------ Supplied entries ------
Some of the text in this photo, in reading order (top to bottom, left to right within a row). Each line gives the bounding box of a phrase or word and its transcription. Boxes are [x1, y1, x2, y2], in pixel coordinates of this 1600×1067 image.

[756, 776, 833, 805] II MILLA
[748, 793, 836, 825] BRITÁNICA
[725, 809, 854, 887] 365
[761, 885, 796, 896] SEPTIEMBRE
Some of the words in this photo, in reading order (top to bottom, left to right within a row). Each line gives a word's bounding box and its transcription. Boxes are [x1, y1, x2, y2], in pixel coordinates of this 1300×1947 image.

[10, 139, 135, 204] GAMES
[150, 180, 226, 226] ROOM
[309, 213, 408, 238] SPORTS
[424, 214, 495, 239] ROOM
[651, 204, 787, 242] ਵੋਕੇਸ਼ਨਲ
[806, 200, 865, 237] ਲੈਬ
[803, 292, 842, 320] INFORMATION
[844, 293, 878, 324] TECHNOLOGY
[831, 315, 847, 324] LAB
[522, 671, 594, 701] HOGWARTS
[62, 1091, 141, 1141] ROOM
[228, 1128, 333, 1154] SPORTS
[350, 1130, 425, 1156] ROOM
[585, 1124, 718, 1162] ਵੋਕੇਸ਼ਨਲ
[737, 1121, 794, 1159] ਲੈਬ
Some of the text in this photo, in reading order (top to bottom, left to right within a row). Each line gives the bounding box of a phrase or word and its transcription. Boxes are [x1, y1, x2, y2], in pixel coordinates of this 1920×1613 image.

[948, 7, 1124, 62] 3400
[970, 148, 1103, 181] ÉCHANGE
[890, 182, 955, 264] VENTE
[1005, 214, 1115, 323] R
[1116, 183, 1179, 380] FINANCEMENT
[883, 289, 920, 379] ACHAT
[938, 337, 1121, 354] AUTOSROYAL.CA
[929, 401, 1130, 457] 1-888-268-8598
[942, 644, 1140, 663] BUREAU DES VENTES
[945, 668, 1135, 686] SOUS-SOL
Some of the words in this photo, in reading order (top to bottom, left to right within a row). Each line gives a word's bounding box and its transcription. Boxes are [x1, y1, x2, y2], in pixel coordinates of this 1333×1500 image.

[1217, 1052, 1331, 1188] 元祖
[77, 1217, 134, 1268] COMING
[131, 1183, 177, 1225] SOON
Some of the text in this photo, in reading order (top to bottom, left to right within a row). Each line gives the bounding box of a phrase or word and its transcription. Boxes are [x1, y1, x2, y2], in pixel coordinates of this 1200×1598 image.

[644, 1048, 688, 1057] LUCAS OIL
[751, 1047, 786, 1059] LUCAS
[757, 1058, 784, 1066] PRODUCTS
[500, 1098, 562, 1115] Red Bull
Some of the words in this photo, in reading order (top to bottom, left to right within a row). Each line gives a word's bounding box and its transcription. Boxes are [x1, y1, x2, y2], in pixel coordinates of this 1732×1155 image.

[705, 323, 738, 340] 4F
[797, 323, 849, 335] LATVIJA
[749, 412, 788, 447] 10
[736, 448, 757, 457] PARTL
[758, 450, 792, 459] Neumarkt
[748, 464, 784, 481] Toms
------
### Your task
Whatever appears in the listing should be copied exactly and completely.

### Solution to this exercise
Some of the text in this photo, in reading order (top to bottom, left to right within a row). Each line gives the bounding box of a phrase or word and its transcription. Boxes are [x1, y1, x2, y2], in pixel coordinates of this 1600×1067 image.

[756, 776, 833, 805] II MILLA
[748, 793, 836, 825] BRITÁNICA
[725, 809, 854, 887] 365
[761, 885, 796, 896] SEPTIEMBRE
Some of the words in this photo, in reading order (top to bottom, left to right within a row). Each line gives a word's bounding box and its transcription. Boxes are [x1, y1, x2, y2], in pixel coordinates of this 1300×1947 image.

[10, 139, 135, 204] GAMES
[150, 180, 226, 226] ROOM
[309, 213, 408, 238] SPORTS
[424, 214, 495, 239] ROOM
[651, 204, 787, 242] ਵੋਕੇਸ਼ਨਲ
[806, 200, 865, 237] ਲੈਬ
[803, 292, 842, 320] INFORMATION
[844, 293, 878, 324] TECHNOLOGY
[831, 315, 847, 324] LAB
[522, 671, 594, 701] HOGWARTS
[62, 1091, 141, 1141] ROOM
[228, 1128, 333, 1154] SPORTS
[350, 1130, 425, 1156] ROOM
[585, 1124, 718, 1162] ਵੋਕੇਸ਼ਨਲ
[737, 1121, 794, 1159] ਲੈਬ
Some of the text in this photo, in reading order (top to bottom, left to right within a row). Each line gives the bounding box of a phrase or word and its transcription. Boxes are [x1, y1, x2, y2], in pixel coordinates of this 1920×1613 image.

[948, 7, 1124, 62] 3400
[970, 148, 1103, 181] ÉCHANGE
[890, 182, 955, 264] VENTE
[1005, 214, 1115, 323] R
[1116, 183, 1179, 380] FINANCEMENT
[883, 289, 920, 379] ACHAT
[938, 337, 1121, 354] AUTOSROYAL.CA
[929, 401, 1130, 457] 1-888-268-8598
[942, 644, 1140, 663] BUREAU DES VENTES
[945, 668, 1135, 686] SOUS-SOL
Some of the words in this photo, in reading order (top to bottom, left to right within a row). Each line gives a word's bounding box and its transcription. Boxes are [x1, y1, x2, y2], in pixel coordinates of this 1333×1500 image.

[1217, 1052, 1331, 1188] 元祖
[77, 1217, 134, 1268] COMING
[131, 1183, 177, 1225] SOON
Some of the text in this photo, in reading order (top to bottom, left to right within a row). Each line gives the bounding box of a phrase or word and its transcription. Boxes are [x1, y1, x2, y2], in pixel coordinates of this 1200×1598 image.

[644, 1048, 688, 1057] LUCAS OIL
[751, 1047, 786, 1059] LUCAS
[757, 1058, 784, 1066] PRODUCTS
[500, 1098, 562, 1115] Red Bull
Some of the words in this photo, in reading order (top to bottom, left to right within a row). Each line gives a word's bounding box and its transcription. Boxes are [x1, y1, x2, y2], in pixel coordinates of this 1732×1155 image.

[705, 323, 738, 340] 4F
[797, 323, 849, 335] LATVIJA
[749, 412, 788, 447] 10
[736, 448, 757, 457] PARTL
[758, 450, 792, 459] Neumarkt
[748, 464, 784, 481] Toms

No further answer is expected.